Le limitazioni metodologiche che gravano su queste nostre osservazioni sono palesi: si tratta di popolazioni
di numerosità esigua, almeno rispetto alla diffusione su scala mondiale delle patologie a cui si riferiscono.
La particolare condizione operativa in cui abbiamo condotto gli studi, da una parte suggestiva di una certa
“spontaneità”, trattandosi di osservazioni consecutive longitudinali, dall'altra risente dell'impossibilità di
analizzare aspetti più diretti e approfonditi, quali molte variabili bio-molecolari connesse alla condizione di
diabete di II tipo e l'esistenza di altri fattori di rischio che facilmente sfuggono ad una visita in ambito
strettamente ambulatoriale. L'aspetto più critico, che coinvolge direttamente il lavoro sulle OSAS e le
PLMDs, sta sicuramente nella scelta di un questionario come indice di disautonomia cardiovascolare:
sappiamo ormai da decenni che il sistema più adeguato e puntuale per la valutazione dei disordini del
sistema autonomo cardiovascolare è lo studio della variabilità dell'intervallo QT dell'elettrocardiogramma
con diverse metodologie d'analisi matematica, possibilmente associato ai test dei riflessi neurovegetativi
cardiovascolari “classici” (Deep Breathing, Valsalva, Hand-Grip, Cold Pressure). Purtuttavia, anche se il
questionario OGS è così meno sensibile rispetto alle suddette prove di laboratorio, la sua positiva
correlazione con i disordini del sonno ci è apparsa tuttavia discretamente significativa come “segnale di
incoraggiamento”. In altri termini, ci sembra di avere individuato una buona strada per perfezionare questo
complesso filone di studi.
L'impressione generale che ci deriva da queste esperienze potrebbe essere infine condensata in una serie di
riflessioni:
- le patologie vascolari acute appaiono, nella loro drammaticità, sempre più delle “punte di iceberg” di un
coacervo di patologie croniche sottostanti che isolatamente patiscono il fatto di essere spesso appannaggio
di “discipline specialistiche” non comunicative tra loro.

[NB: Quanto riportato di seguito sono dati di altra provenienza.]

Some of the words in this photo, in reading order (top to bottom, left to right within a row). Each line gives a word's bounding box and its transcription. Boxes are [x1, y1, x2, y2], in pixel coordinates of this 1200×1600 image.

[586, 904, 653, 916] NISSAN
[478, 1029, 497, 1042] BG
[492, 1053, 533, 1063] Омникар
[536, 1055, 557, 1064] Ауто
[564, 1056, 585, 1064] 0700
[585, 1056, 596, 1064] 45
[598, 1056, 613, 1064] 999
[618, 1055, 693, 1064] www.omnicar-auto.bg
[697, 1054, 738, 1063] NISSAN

- la medicina del sonno, proprio per la sua ispirazione nativa, deve potersi imporre come anello di
congiunzione tra operatori scientifici e assistenziali dediti all'approfondimento di singoli aspetti della clinica
e della fisiopatologia, fornendo strumenti d'analisi utili ad interlacciare competenze specialistiche diverse.

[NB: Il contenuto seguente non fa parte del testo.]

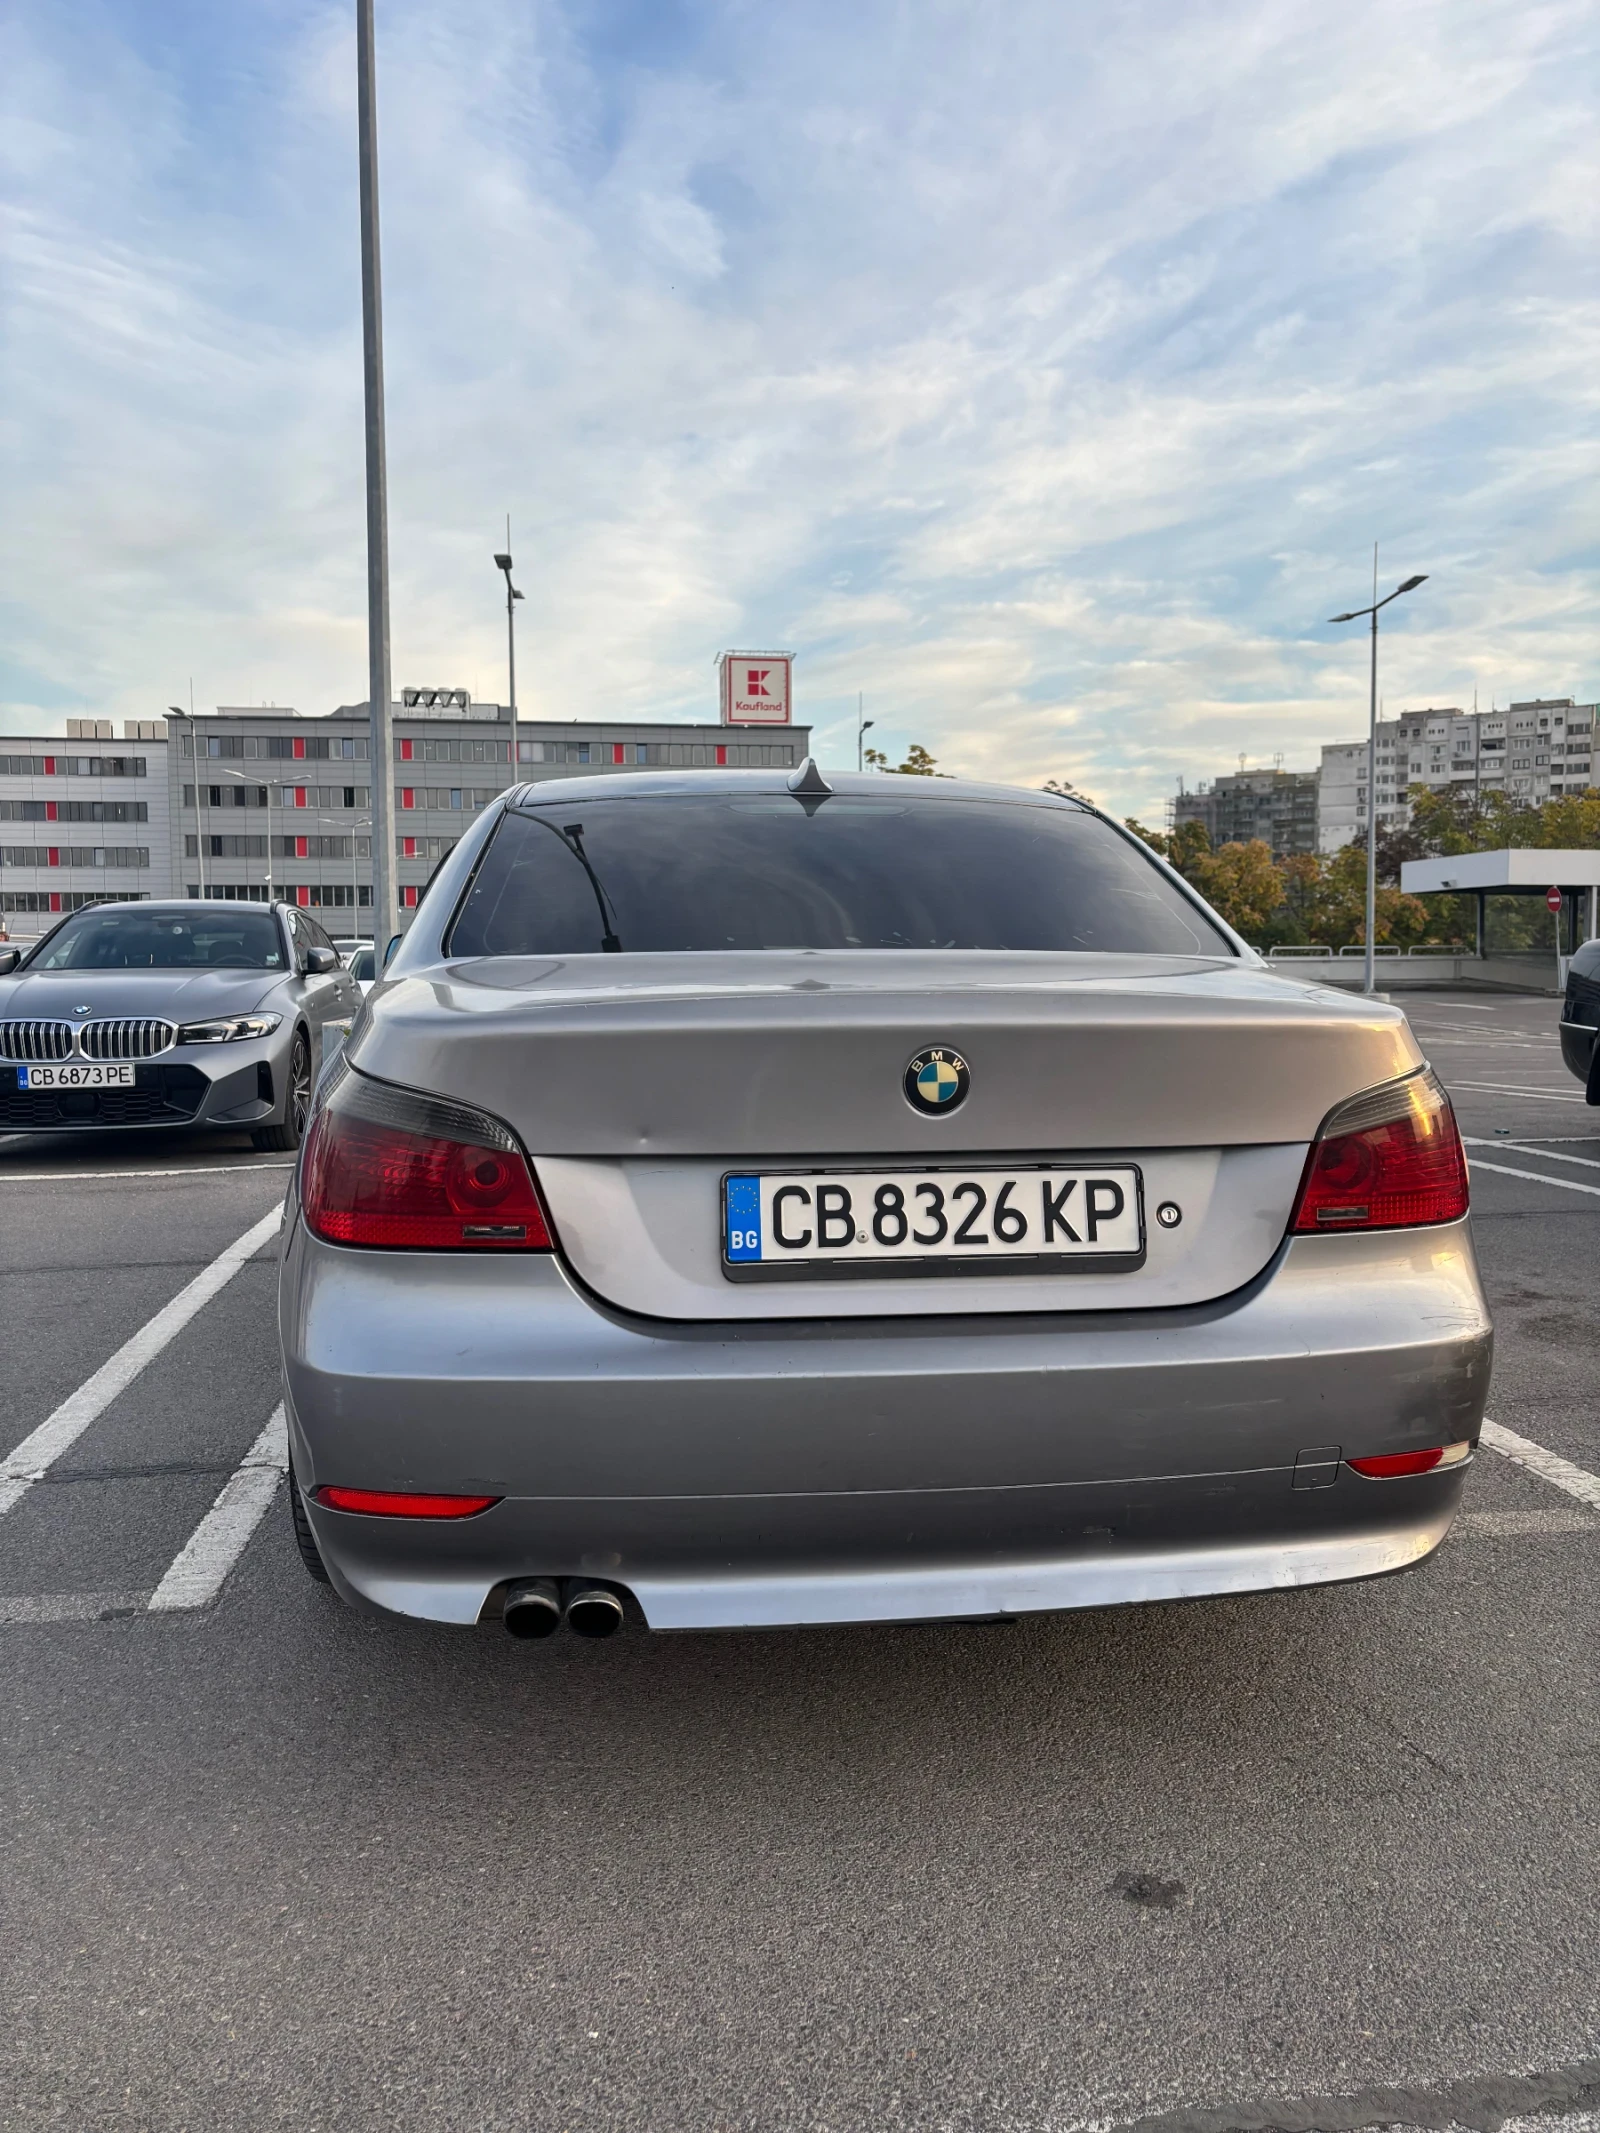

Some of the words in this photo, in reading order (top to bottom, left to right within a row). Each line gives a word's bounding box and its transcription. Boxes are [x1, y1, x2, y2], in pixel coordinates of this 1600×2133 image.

[747, 670, 771, 695] K
[736, 701, 782, 711] Kaufland
[911, 1051, 964, 1072] BMW
[31, 1068, 54, 1085] CB
[59, 1067, 103, 1085] 6873
[106, 1066, 130, 1084] PE
[773, 1184, 856, 1249] CB
[872, 1181, 1028, 1246] 8326
[1042, 1179, 1124, 1243] KP
[731, 1230, 757, 1249] BG

- il miglioramento dei paradigmi interpretativi delle patologie non deve essere considerato inutile “esercizio
filosofico”, bensì divenire appannaggio culturale di tutti gli operatori della salute, a cominciare da coloro a
cui viene affidata l'organizzazione logistica e amministrativa dell'assistenza sanitaria; a titolo d'esempio
immediato, l'idea di aggiornare e ridefinire la gestione della medicina del territorio tenendo conto delle
indicazioni profilattiche e terapeutiche derivanti dalla polisonnografia è diretta conseguenza delle
esperienze e delle idee fin qui descritte.